O desencanto dos brasileiros tem
números: quase 60% dos
cidadãos com direito a voto ainda não sabem se irão às urnas ou anularão.
Até os candidatos que aparecem com maior consenso nas pesquisas apresentam, a
começar por Lula,
uma rejeição de 60%. É a primeira vez que, sem ele, que certamente não poderá
disputar as eleições por estar condenado em segunda instância, quem lidera a
corrida é um extremista de
ultradireita, ex-capitão do Exército que escolheu como vice um general da
reserva defensor da ditadura militar e da tortura. E pela primeira
vez disputarão as eleições mais de cem militares.
A esquerda, que tinha esperanças de
recuperar o poder, depois do inferno do impeachment de
Dilma e do desastre do Governo Temer, encontra-se
incapaz de se unir, paralisada pela incógnita de Lula ao não desistir da
candidatura, o que impediu seu partido, o PT,
de apostar num candidato progressista de outra agremiação, apoiado desta vez
pelos seguidores de Lula. A ordem é ou ele ou ninguém.
O centro e a centro-direita se
apresentam contaminados pela rejeição da sociedade, por se tratarem dos
partidos mais sacudidos pela corrupção e alvo das condenações da Lava Jato,
que de esperança de limpeza política se tornou uma incógnita e até fator de
desestabilização da política.
Se as eleições de 2018 se apresentavam
como esperança de início de um novo ciclo político que restabelecesse a
economia e abrisse novos espaços para as reformas que nenhum Governo no passado
teve a coragem de enfrentar, por serem impopulares, os brasileiros já olham
para 2022, ao darem por perdido este pleito.

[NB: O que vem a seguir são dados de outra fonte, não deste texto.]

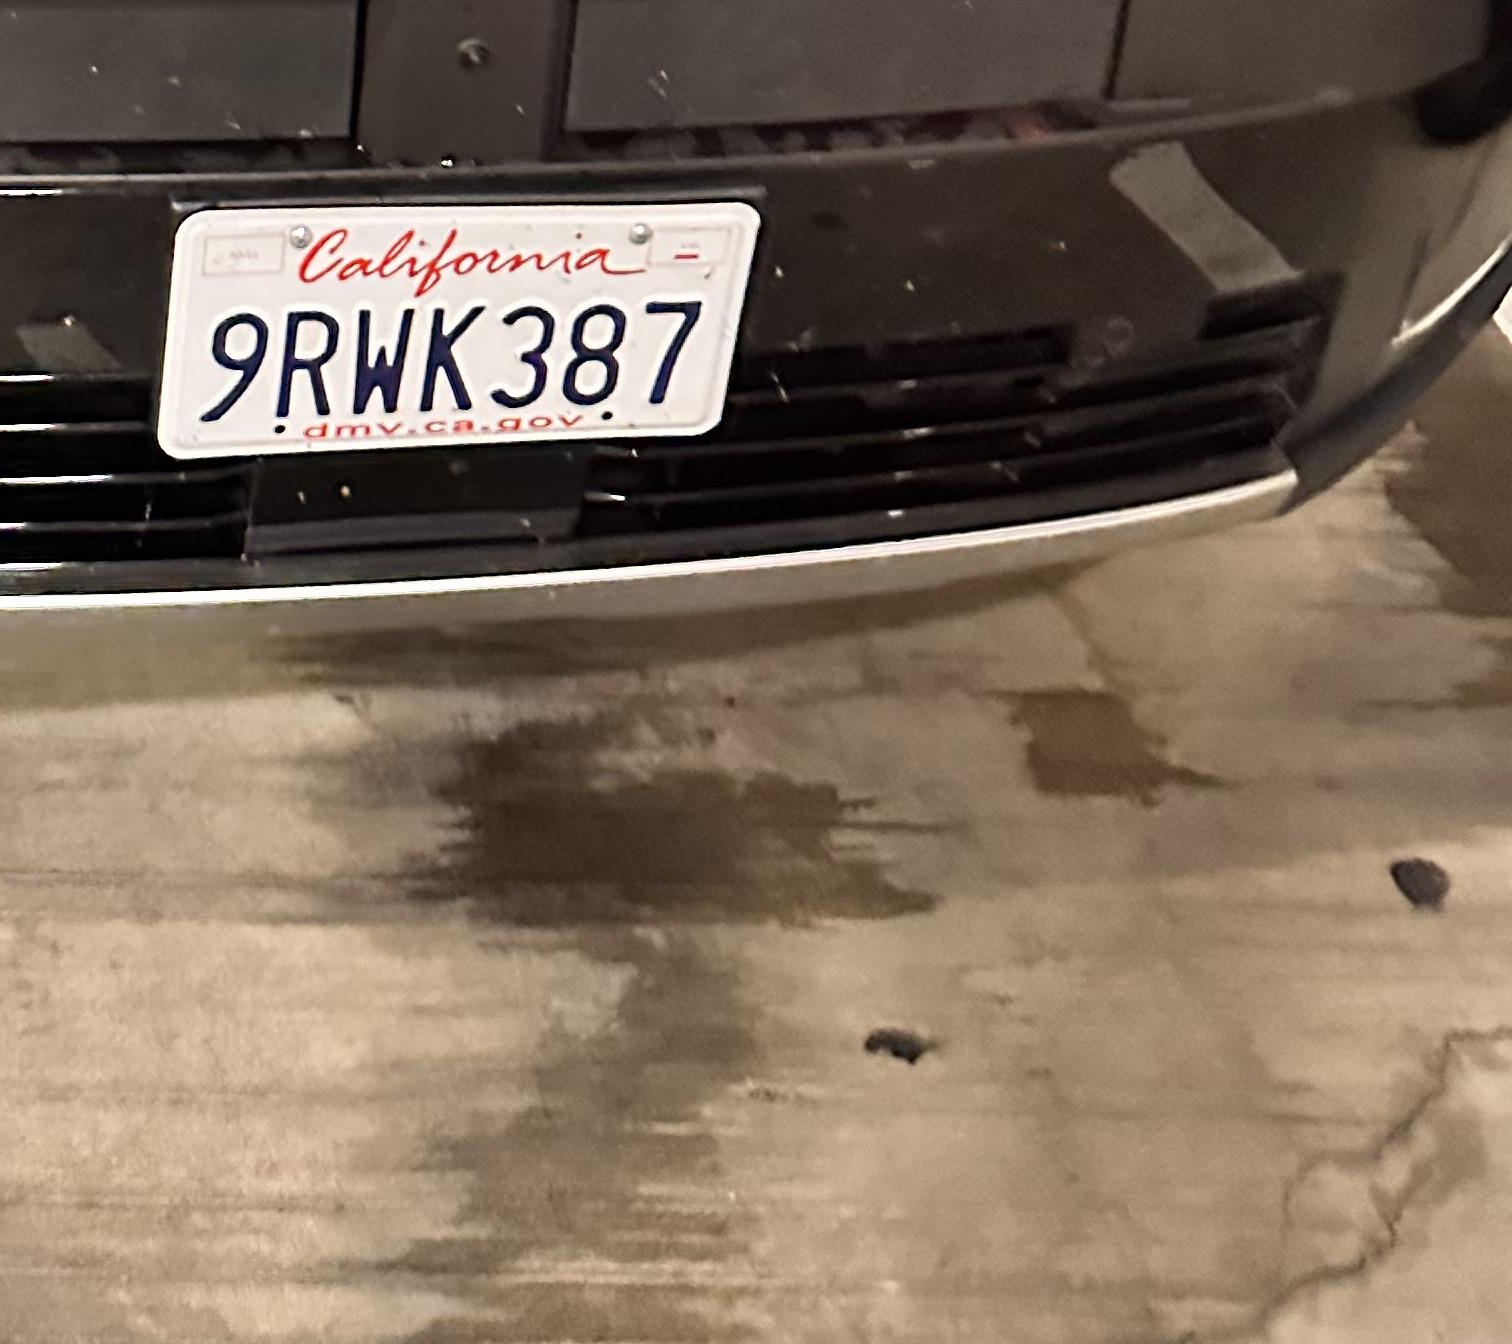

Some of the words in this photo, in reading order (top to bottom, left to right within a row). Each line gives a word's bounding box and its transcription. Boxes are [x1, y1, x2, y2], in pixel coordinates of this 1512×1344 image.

Mais ainda, sobre estas eleições se
abatem já as nuvens negras de um novo impeachment caso Lula seja
impedido de participar, já que foi cunhado o slogan “eleição sem Lula é
fraude”, porque impediria 30% da população, a parcela que declara voto nele, de
escolher o seu candidato. Na outra margem, ecoa também slogan inverso: “Eleição
com Lula é fraude”, já que a lei da Ficha Limpa o
impede de concorrer.
O máximo que os analistas políticos se
atrevem a profetizar é que nunca, nos últimos 20 anos, uma eleição foi, semanas
antes de ser disputada, tão incerta e com tanto desencanto e até medo, dois
componentes dos quais o Brasil não necessita neste momento, com mais de 14
milhões de desempregados, uma economia fragilizada e o recrudescimento da
violência com um triste balanço de 63.000 homicídios anuais, a maioria de
jovens negros e pobres.
Tudo perdido? Não. A sociedade
brasileira, apesar da crise política que a sacode, é viva e conta com uma
democracia ameaçada, mas consolidada, e não perdeu a esperança de dar vida a
uma substituição que, se não parecer possível desta vez, continua em
germinação, porque junto com o desencanto pelos políticos não morreu a vontade
por uma renovação que acabe com a velha república dos privilégios e das castas,
para dar à luz uma nova primavera de democracia e bem-estar.